TASK TO COMPLETE: Reproduce the data exactly, leaving nothing out.

STUDY MATERIAL:
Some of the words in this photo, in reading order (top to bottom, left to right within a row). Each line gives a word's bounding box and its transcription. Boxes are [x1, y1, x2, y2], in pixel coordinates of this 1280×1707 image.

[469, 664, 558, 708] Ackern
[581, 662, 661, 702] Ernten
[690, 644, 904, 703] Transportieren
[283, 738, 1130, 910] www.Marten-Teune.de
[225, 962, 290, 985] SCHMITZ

SOLUTION TO THIS EXERCISE:
Some of the words in this photo, in reading order (top to bottom, left to right within a row). Each line gives a word's bounding box and its transcription. Boxes are [x1, y1, x2, y2], in pixel coordinates of this 1280×1707 image.

[469, 664, 558, 708] Ackern
[581, 662, 661, 702] Ernten
[690, 644, 904, 703] Transportieren
[283, 738, 1130, 910] www.Marten-Teune.de
[225, 962, 290, 985] SCHMITZ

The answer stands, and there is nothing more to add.